Dataset entries:
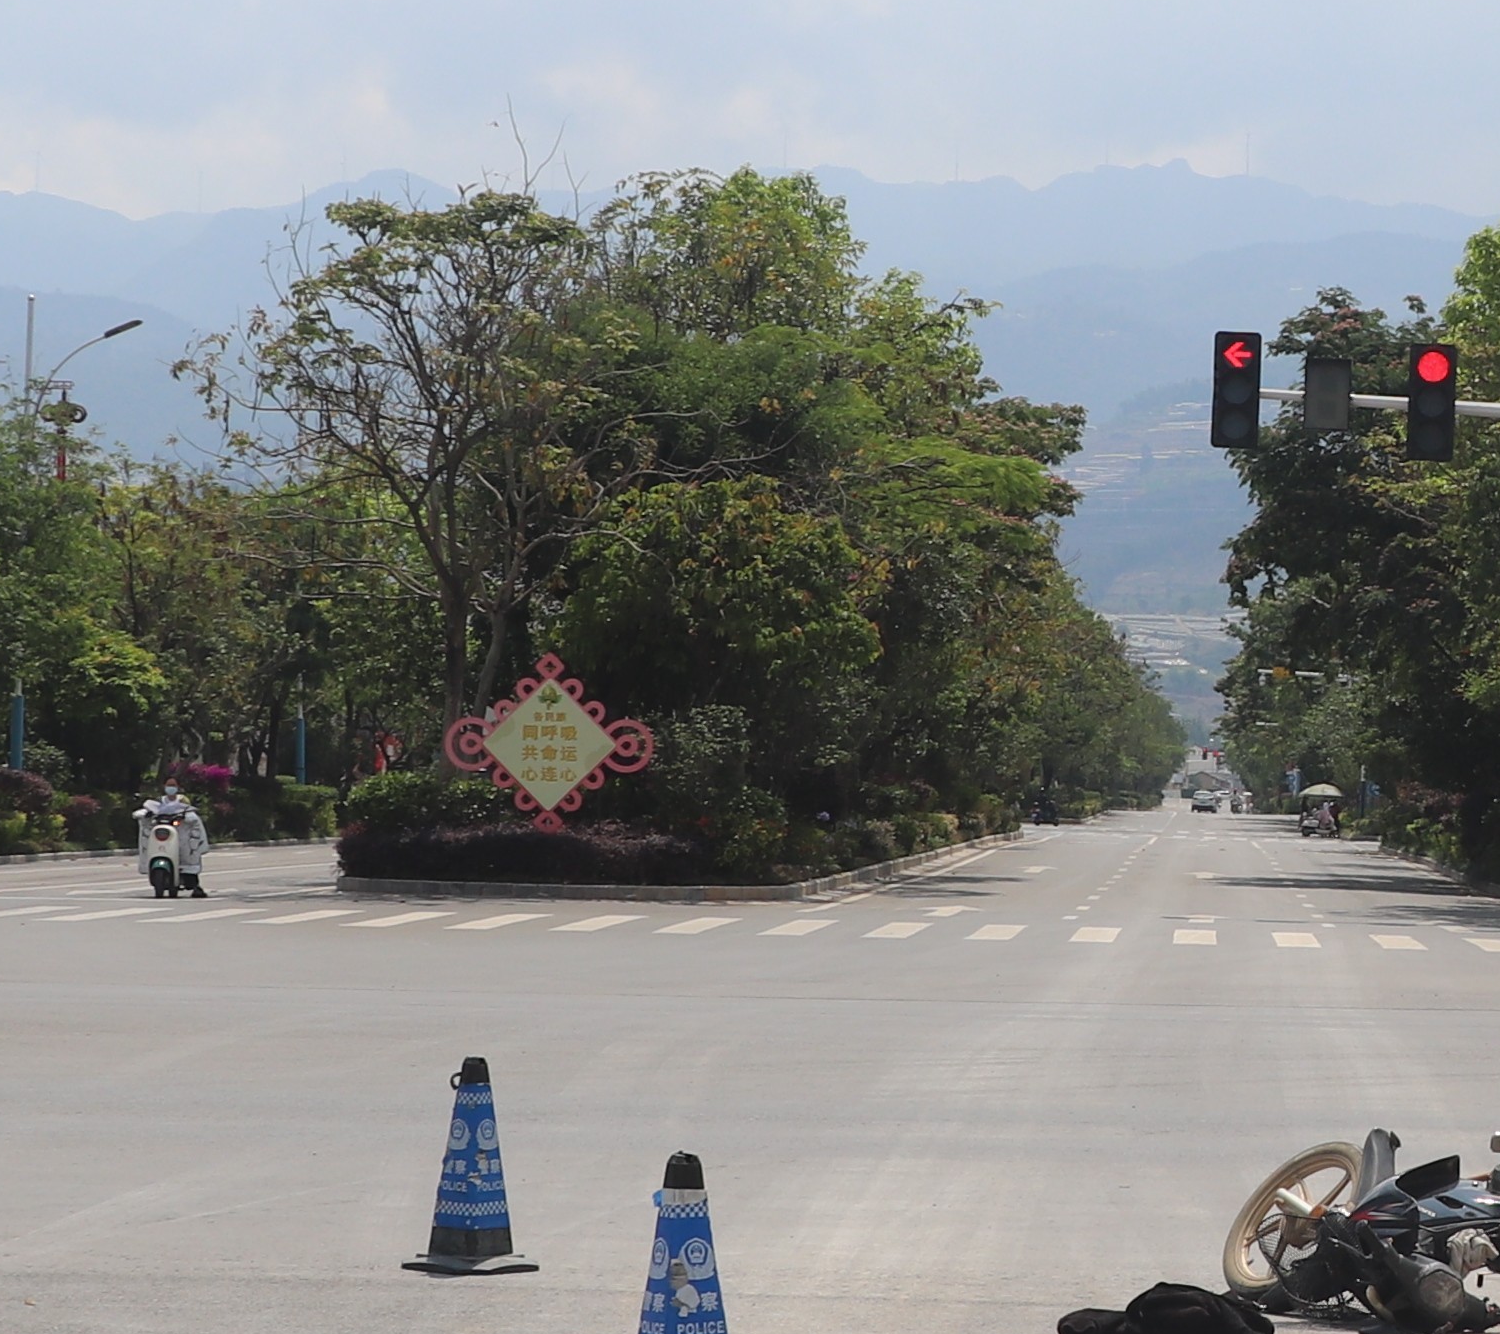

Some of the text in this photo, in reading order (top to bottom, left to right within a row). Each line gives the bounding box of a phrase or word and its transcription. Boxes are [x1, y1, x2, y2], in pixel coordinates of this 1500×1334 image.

[522, 725, 578, 741] 同呼吸
[521, 745, 578, 762] 共命运
[521, 767, 577, 782] 心连心
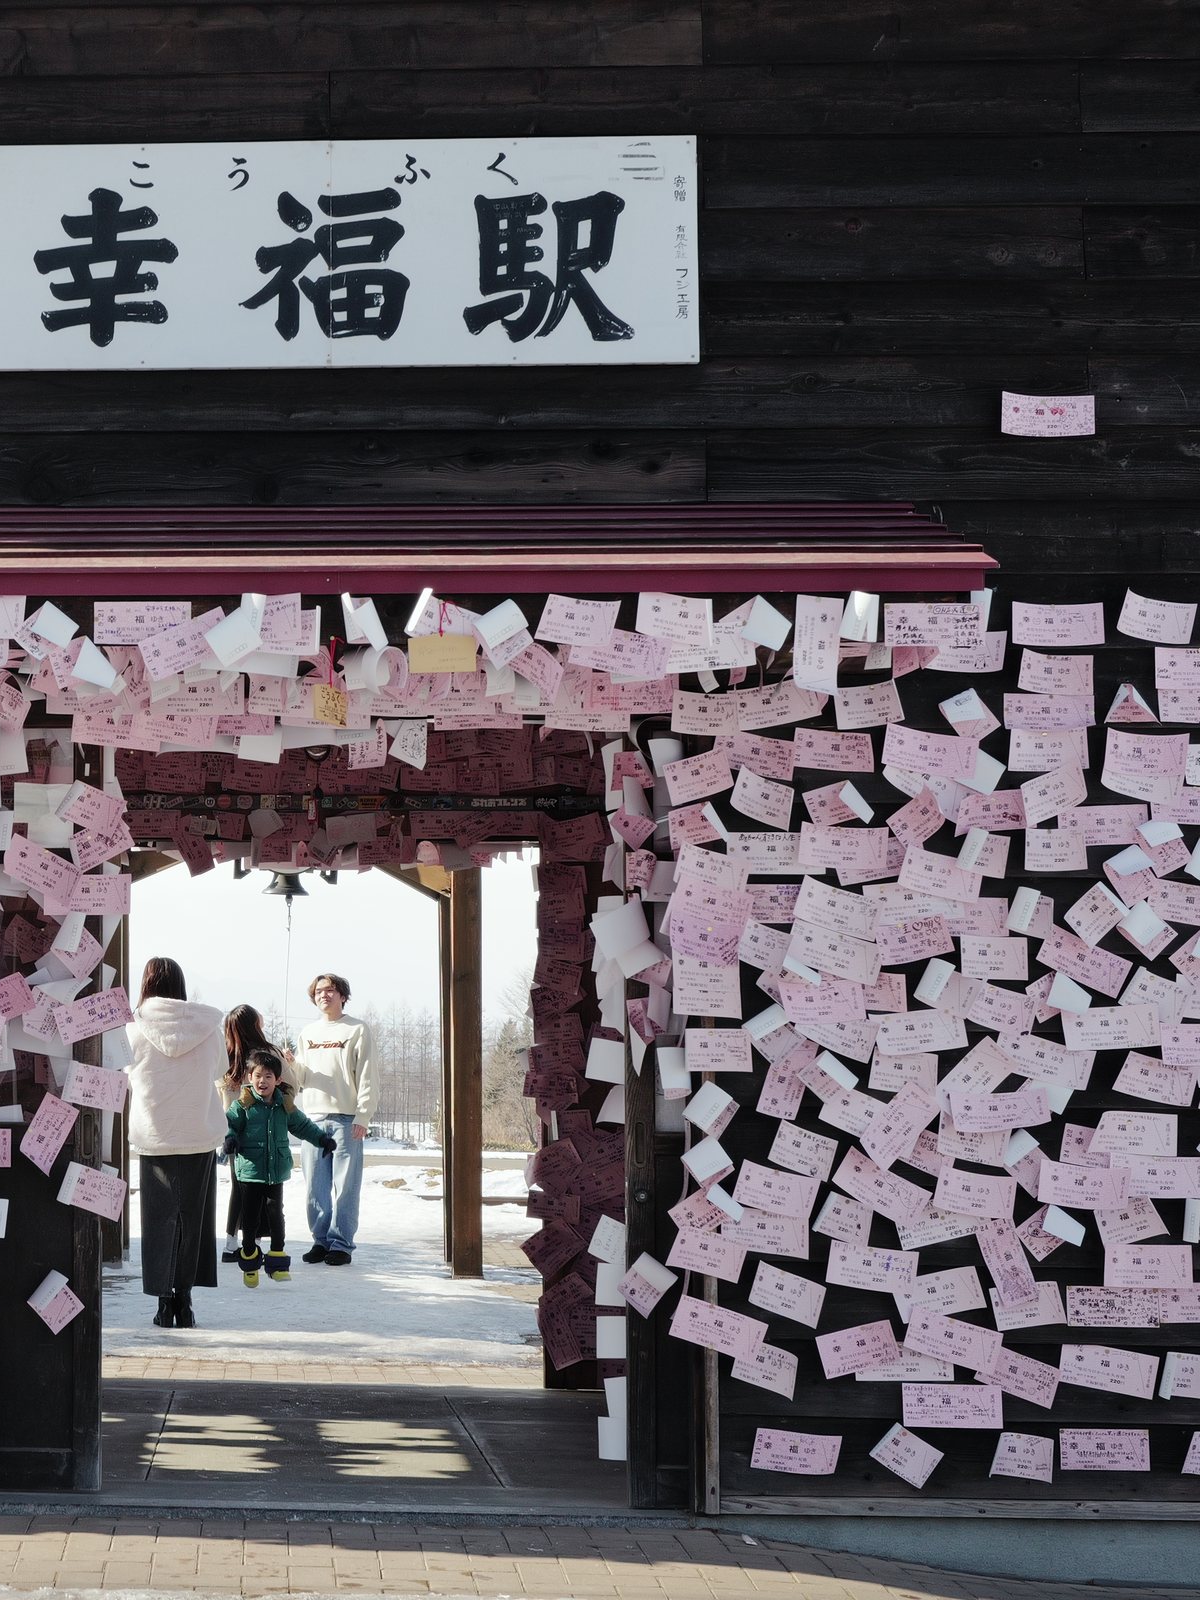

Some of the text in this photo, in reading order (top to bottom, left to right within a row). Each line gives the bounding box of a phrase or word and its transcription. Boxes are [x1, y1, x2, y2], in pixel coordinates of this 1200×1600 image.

[34, 188, 635, 347] 幸福駅
[565, 612, 575, 620] 福
[1044, 667, 1052, 675] 福
[1096, 818, 1105, 826] 福
[1074, 1178, 1085, 1186] 福
[714, 1320, 723, 1328] 福
[944, 1331, 953, 1339] 福
[941, 1397, 951, 1405] 福
[789, 1445, 798, 1454] 福
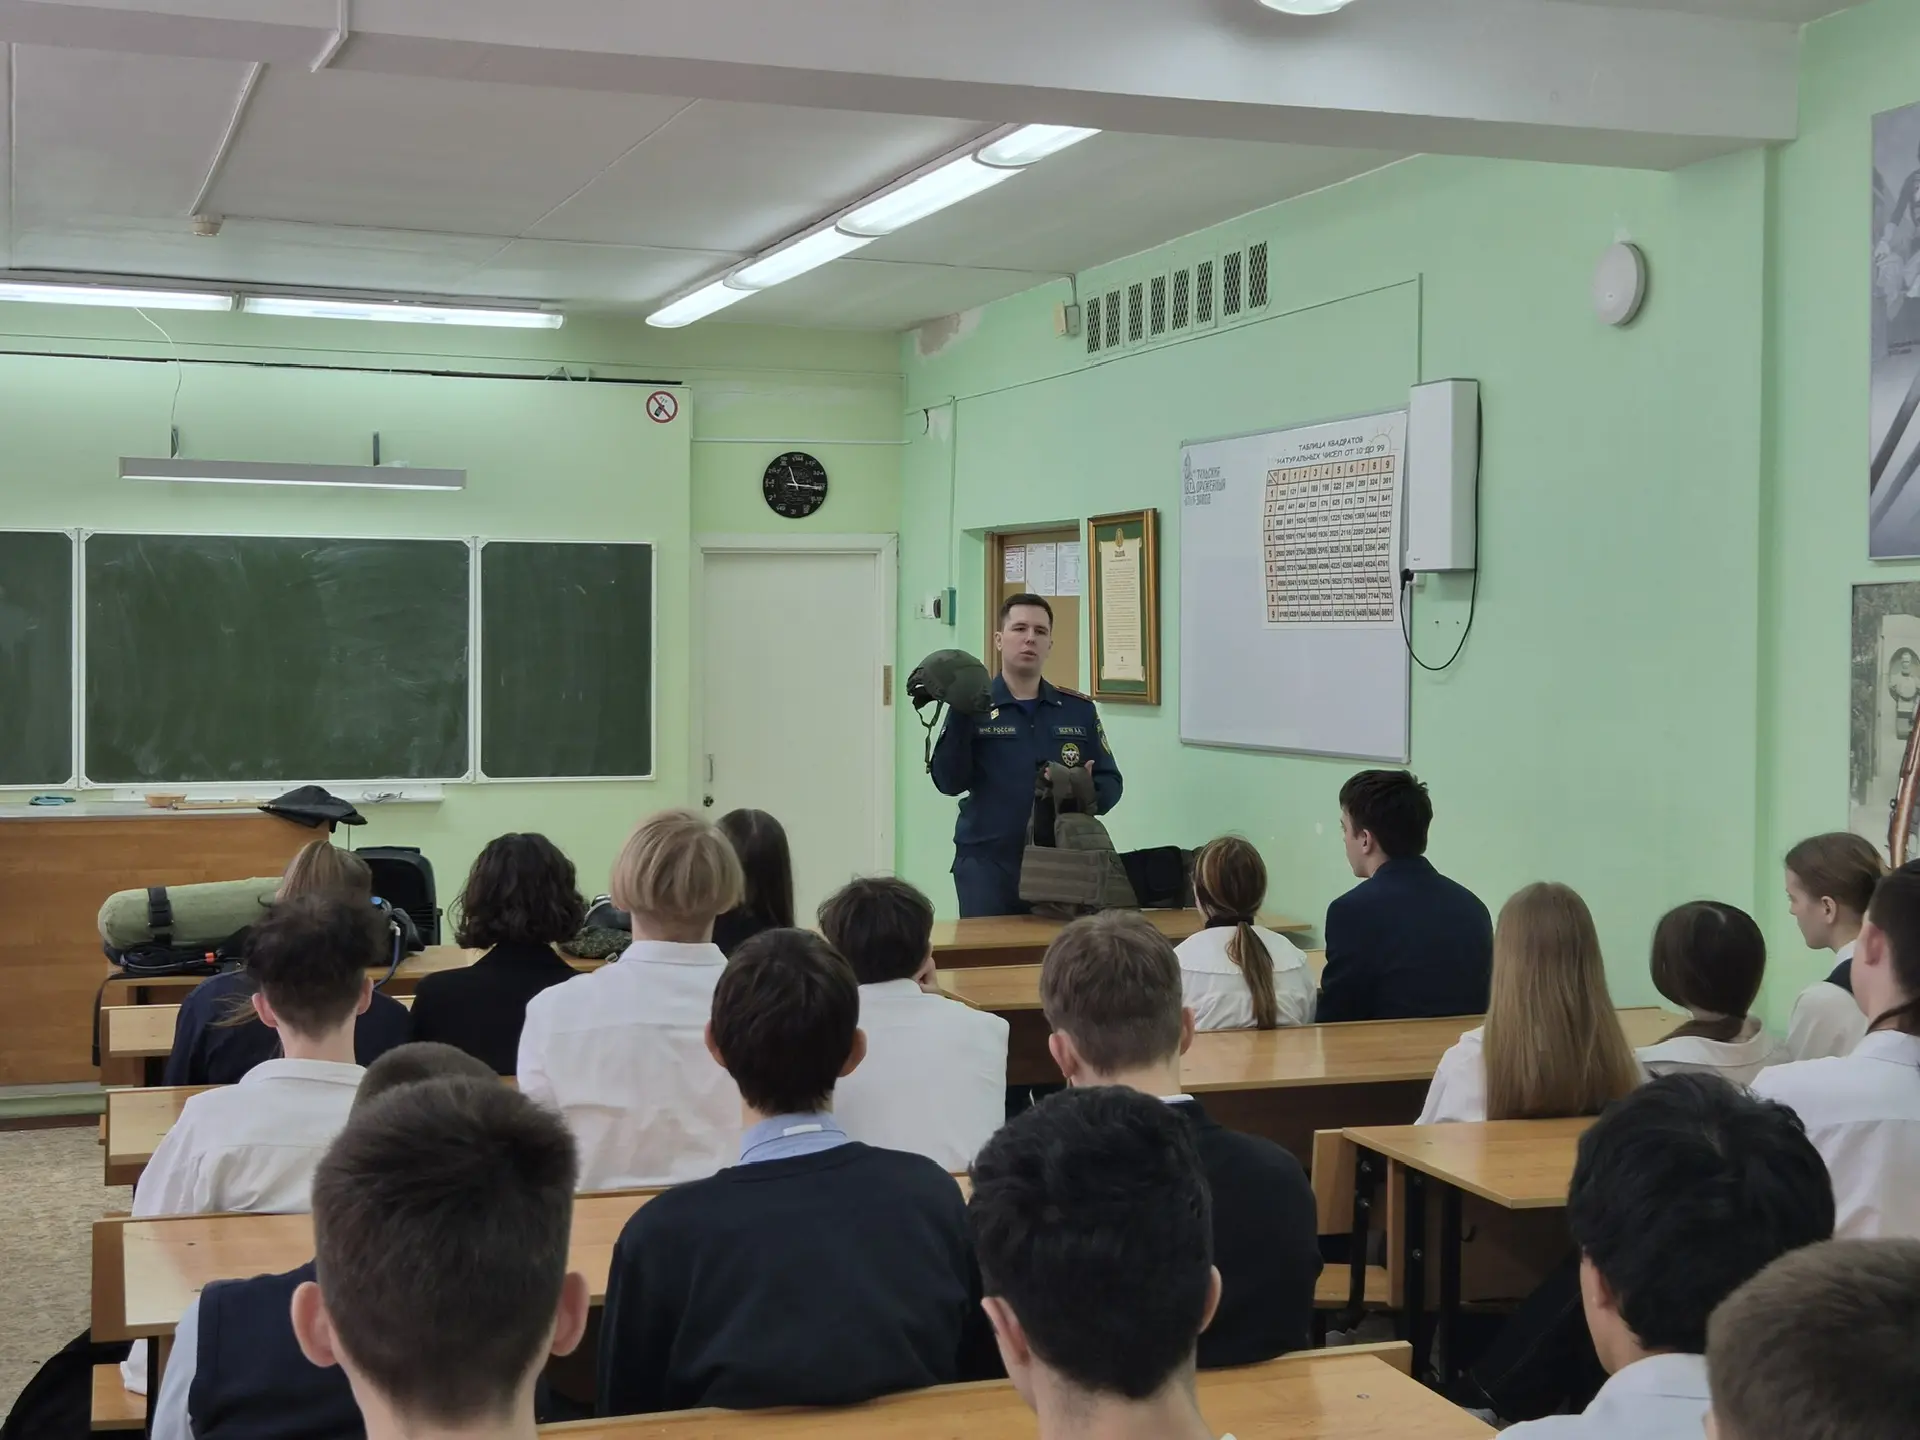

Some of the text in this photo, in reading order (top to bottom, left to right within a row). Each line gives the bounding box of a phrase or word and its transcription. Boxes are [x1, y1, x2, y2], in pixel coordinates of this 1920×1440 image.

[1298, 436, 1363, 451] ТАБЛИЦА КВАДРАТОВ
[1364, 446, 1374, 454] ДО

What the exercise asks: Restate every line above word for word. Do not carry over the images.

Task answer:
Some of the text in this photo, in reading order (top to bottom, left to right within a row). Each line gives the bounding box of a phrase or word and its transcription. Boxes are [x1, y1, x2, y2], in pixel coordinates of this 1500×1334 image.

[522, 725, 578, 741] 同呼吸
[521, 745, 578, 762] 共命运
[521, 767, 577, 782] 心连心

Some of the text in this photo, in reading order (top to bottom, left to right within a row). Each line gives the bounding box of a phrase or word and its transcription. Boxes are [x1, y1, x2, y2], in pixel coordinates of this 1200×1600 image.

[34, 188, 635, 347] 幸福駅
[565, 612, 575, 620] 福
[1044, 667, 1052, 675] 福
[1096, 818, 1105, 826] 福
[1074, 1178, 1085, 1186] 福
[714, 1320, 723, 1328] 福
[944, 1331, 953, 1339] 福
[941, 1397, 951, 1405] 福
[789, 1445, 798, 1454] 福

Some of the text in this photo, in reading order (top to bottom, left to right within a row). Each line gives the bounding box of a phrase or word and its transcription. Boxes are [x1, y1, x2, y2], in pixel coordinates of this 1920×1440 image.

[1298, 436, 1363, 451] ТАБЛИЦА КВАДРАТОВ
[1364, 446, 1374, 454] ДО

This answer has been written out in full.